As an idea of the bourgeois forces they seek to appeal to, look at Pennsylvania Democratic Congressman Chaka Fattah. Last December, Fattah voted along with 367 other Democrats and Republicans for a House resolution condemning the Paris suburb of Saint-Denis for naming a street in honor of Mumia, a resolution intended to grease the skids for Mumia’s execution. His vote evoked outrage among those of Mumia’s supporters who recalled his earlier assistance in obtaining a Congressional Black Caucus resolution calling for a new trial. But as Fattah himself noted, there was no contradiction between these acts. In a statement posted on his Web site, Fattah declared: “While I remain unconvinced that justice has been served in this case, I am voting for the Resolution because the glorification of anyone who stands convicted of so terrible an offense is an affront to those who risk their lives on a daily basis to serve and to protect.” He continued by reaffirming his “hope” for a new trial.

Lindorff criticized those who voted for the resolution “without any real knowledge about this complex case,” but followed up with a jab at Mumia’s supporters, who “sometimes equally ignorant of the facts, have lionized him and honored him with honorary citizenships and street names” (CounterPunch, 7 December 2006).

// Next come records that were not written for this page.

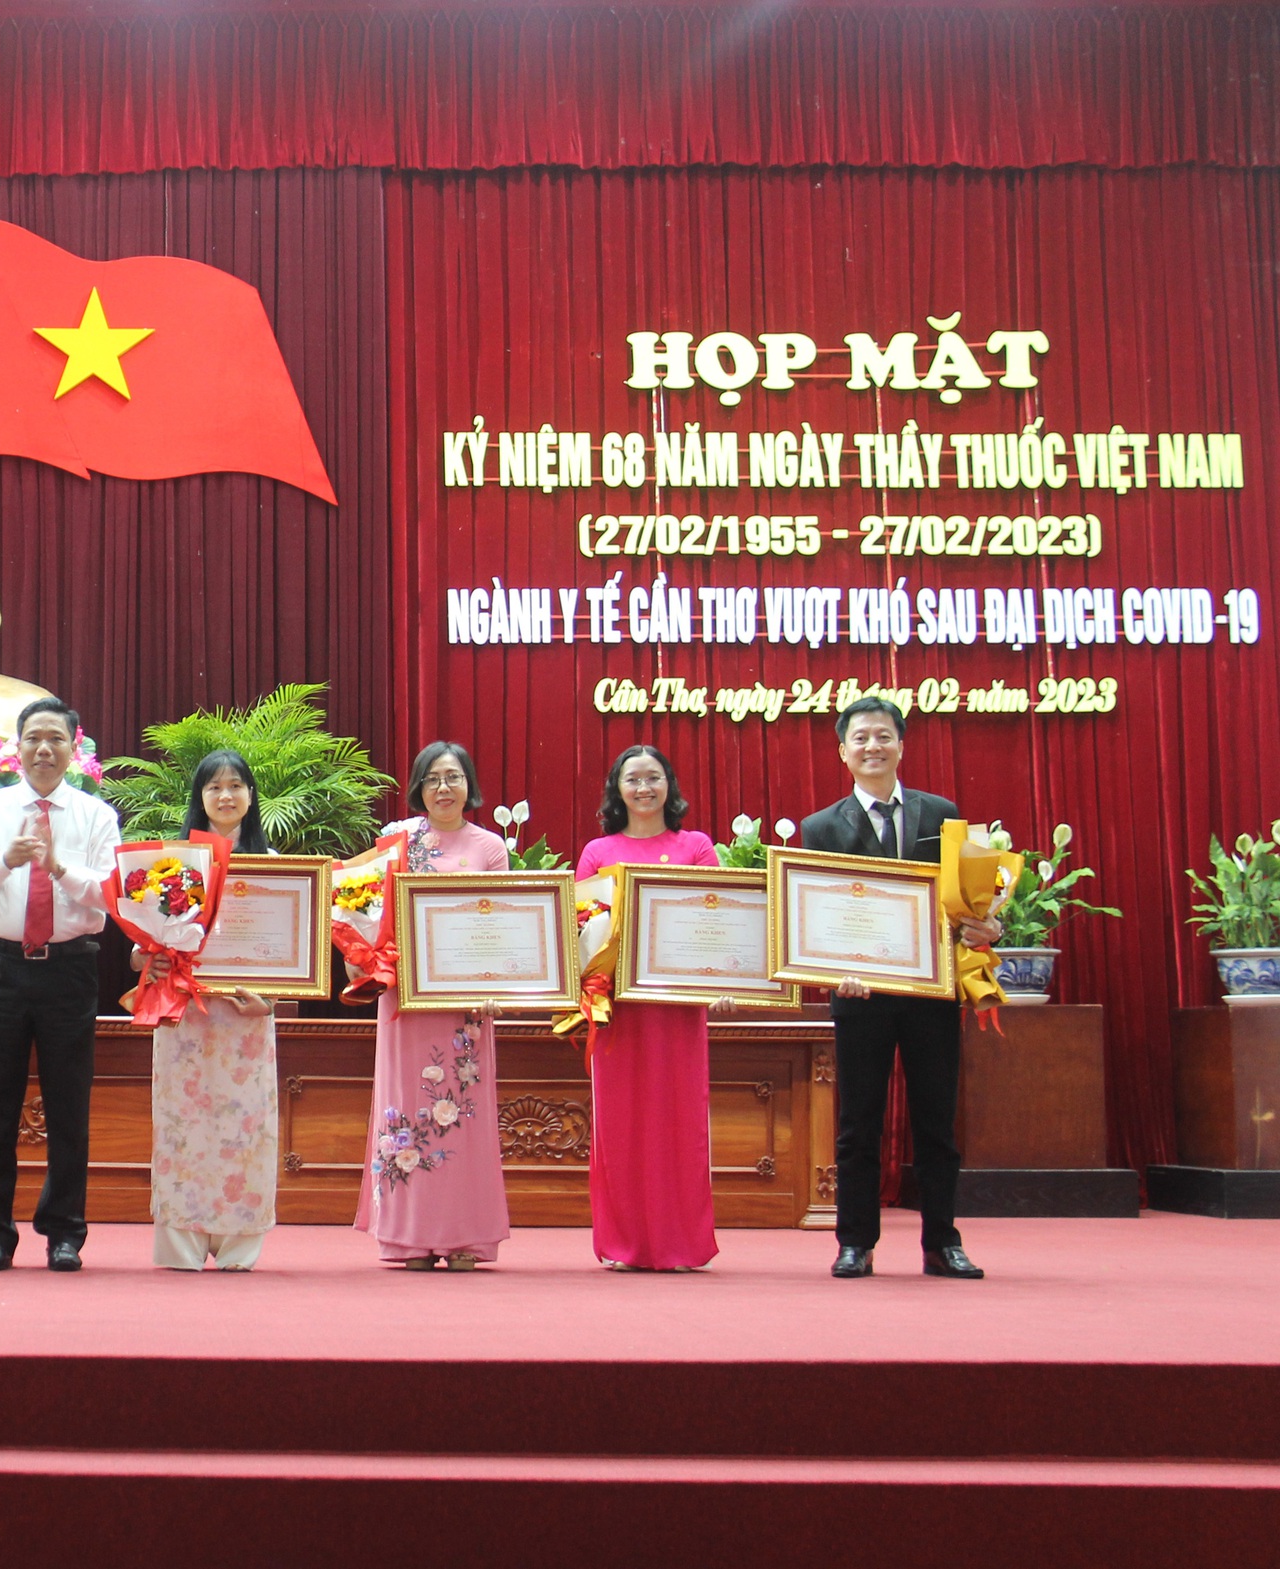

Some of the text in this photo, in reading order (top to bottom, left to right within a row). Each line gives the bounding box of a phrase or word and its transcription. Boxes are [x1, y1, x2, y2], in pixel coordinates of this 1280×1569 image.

[625, 311, 1050, 407] HỌP MẶT
[443, 415, 1244, 495] KỶ NIỆM 68 NĂM NGÀY THẦY THUỐC VIỆT NAM
[578, 513, 822, 559] (27/02/1955
[859, 513, 1103, 558] 27/02/2023)
[447, 570, 1260, 651] NGÀNH Y TẾ CẦN THƠ VƯỢT KHÓ SAU ĐẠI DỊCH COVID-19
[714, 681, 785, 722] ngày
[786, 678, 831, 714] 24
[917, 677, 960, 714] 02
[966, 680, 1030, 713] năm
[1034, 677, 1118, 714] 2023

There can be no clearer display of the role played by Lindorff and Schiffmann in undermining the fight for Mumia’s freedom than their attacks on the Beverly confession and those who have publicized it. Lindorff intones that the Beverly evidence “could risk losing some of the enthusiasm that had made Jamal something of a symbol of the national and international campaign to abolish capital punishment in the U.S.” In fact, it was the liberal strategy of reliance on the capitalist courts that demobilized Mumia’s army of supporters around the world. That outlook meant rejecting the very reasons that millions had taken up Mumia’s cause: revulsion over the poverty, racial oppression, war and injustice that are inherent in the capitalist system. There was broad identification with Mumia’s fight against the “system”—rather than liberal concern for repairing the damaged reputation of the system.

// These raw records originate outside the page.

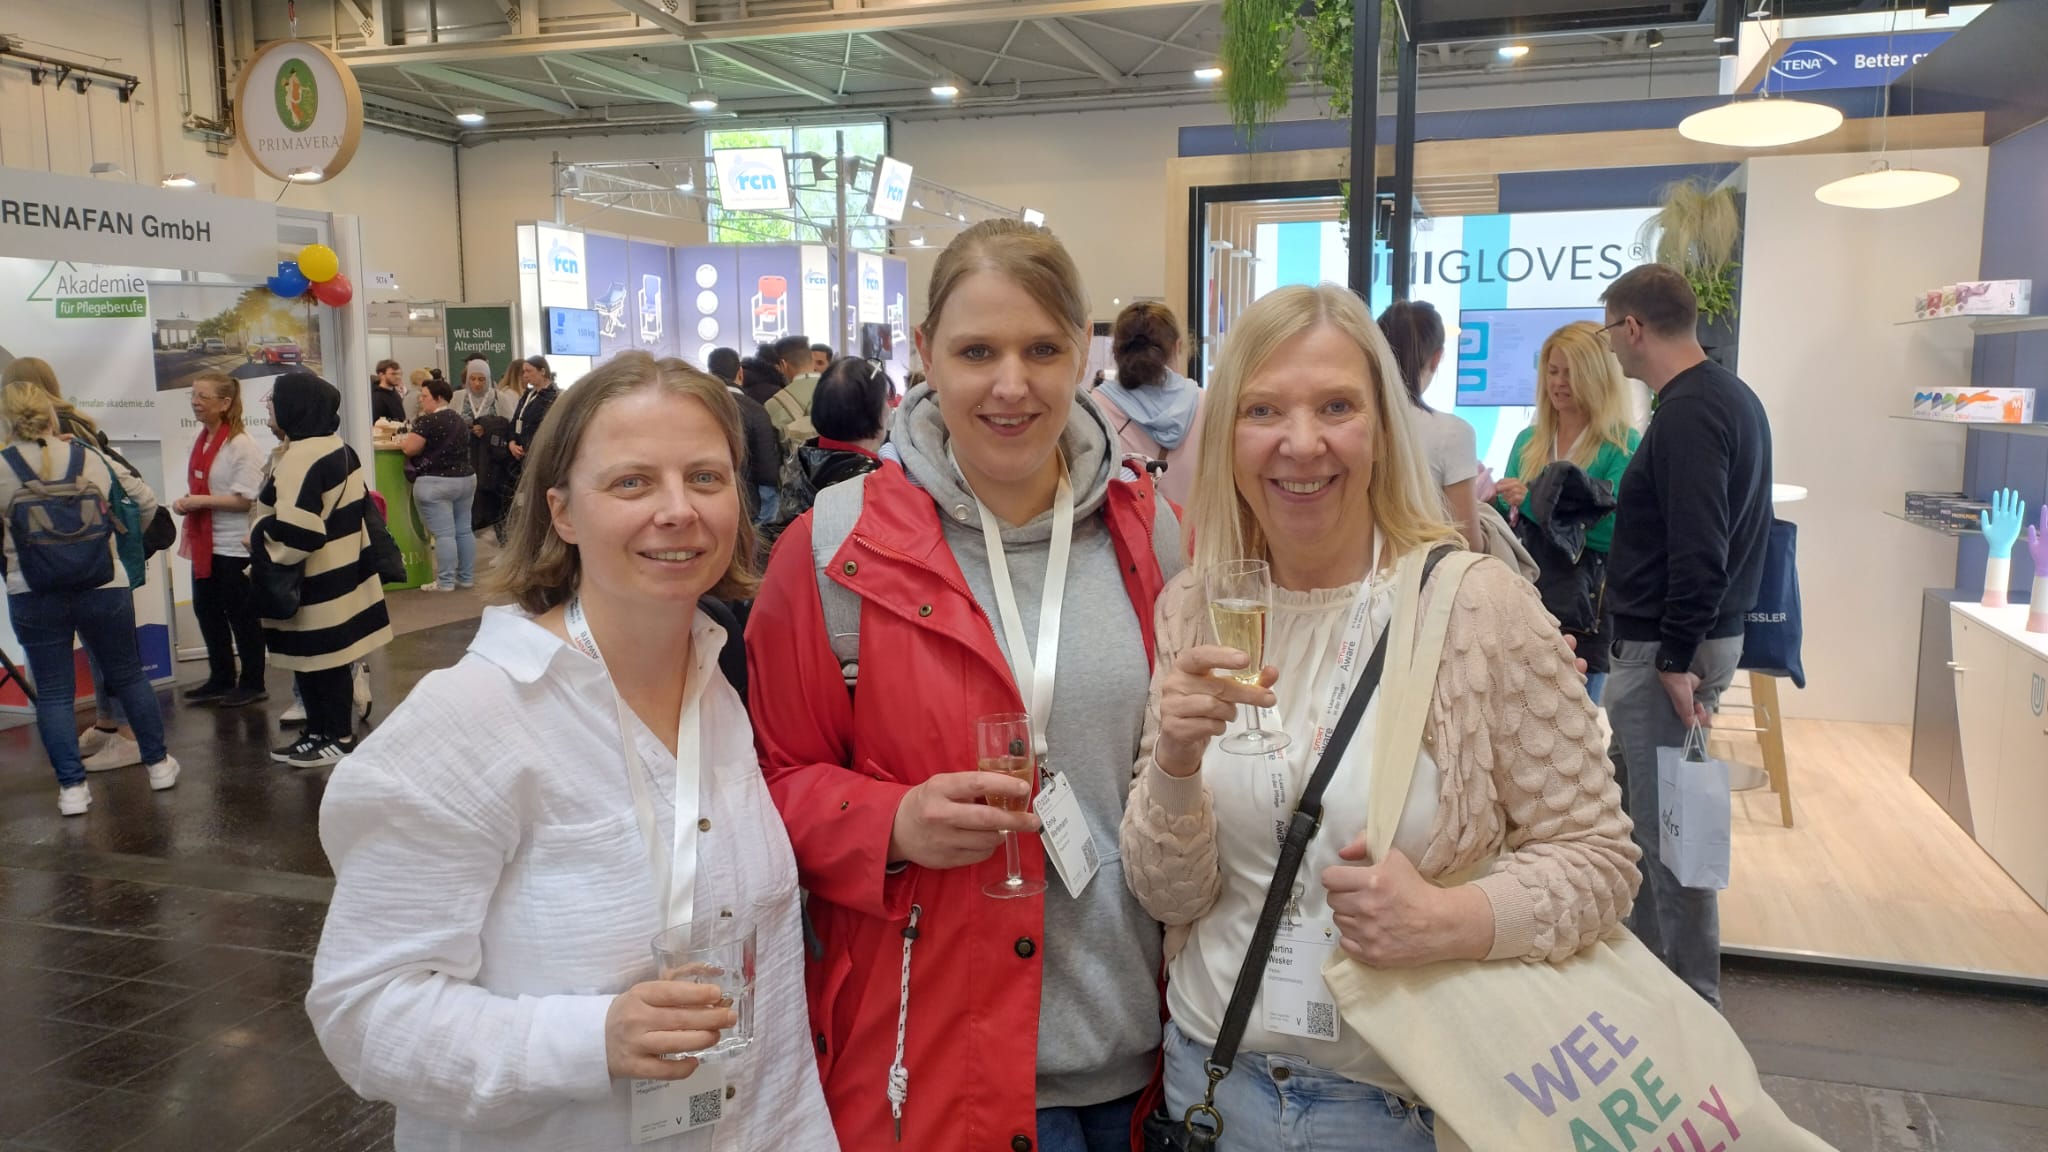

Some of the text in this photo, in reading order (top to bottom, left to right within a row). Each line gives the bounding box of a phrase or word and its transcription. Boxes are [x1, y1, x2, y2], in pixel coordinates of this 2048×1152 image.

[1782, 58, 1822, 71] TENA
[1854, 53, 1908, 69] Better
[259, 135, 340, 152] PRIMAVERA
[737, 174, 777, 191] rcn
[886, 184, 903, 201] rcn
[1, 199, 212, 243] RENAFAN GmbH
[554, 256, 579, 274] rcn
[57, 273, 145, 296] Akademie
[808, 276, 826, 285] rcn
[866, 277, 880, 291] rcn
[60, 300, 145, 317] für Pflegeberufe
[453, 327, 493, 339] Wir Sind
[454, 340, 506, 353] Altenpflege
[180, 417, 197, 429] Ihr
[1340, 640, 1356, 672] Aware
[1503, 1010, 1640, 1118] WEE
[1568, 1056, 1682, 1152] ARE
[676, 1116, 682, 1125] V

The claim that you cannot win widespread support for Mumia on the basis that he is an innocent man is refuted by the many who have signed the PDC statement that says just that and cites the Beverly confession. Signatories include Nobel Prize winning author Nadine Gordimer, black intellectuals Manning Marable and Henry Louis Gates Jr., and numerous trade unionists around the world. (The statement appears in WV No. 880, 10 November 2006; for a full list of signatories, see the PDC Web site, www.partisandefense.org.) The crux of this statement was echoed by the March 2007 issue of Shopsteward, published by the Congress of South African Trade Unions, which warned: “The state is as determined as ever to execute Mumia, an innocent man…. Mumia’s freedom will not be won through relying on the capitalist rigged justice system. What can really turn the tide is the power of united millions across the world—working people united in struggle to free an innocent man.”

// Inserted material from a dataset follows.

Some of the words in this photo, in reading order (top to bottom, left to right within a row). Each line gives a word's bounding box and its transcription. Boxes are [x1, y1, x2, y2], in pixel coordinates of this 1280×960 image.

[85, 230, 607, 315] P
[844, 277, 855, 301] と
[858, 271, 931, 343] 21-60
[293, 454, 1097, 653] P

Indeed, labor’s power must be brought to bear on behalf of Mumia. But it is self-evident that this can only be done by mobilizing independently of the forces of the capitalist state that framed up this innocent man. Integrated unions representing millions of workers have gone on record in support of Mumia. That these millions have not been mobilized in action to combat this racist frame-up is the responsibility of the pro-capitalist labor misleaders, who shackle the unions to the political parties and state agencies of the capitalist class. Serving to reinforce those shackles are Lindorff, Schiffmann and reformist leftists who would subordinate Mumia’s fight for freedom to reliance on the capitalist courts.

The fight to free Mumia and all class-war prisoners is an integral part of the struggle to forge a Leninist vanguard party. Acting as the champion of all the exploited and oppressed, such a party is the necessary instrument to lead the fight to overturn the capitalist order through socialist revolution and open the road to black liberation and the liberation of us all.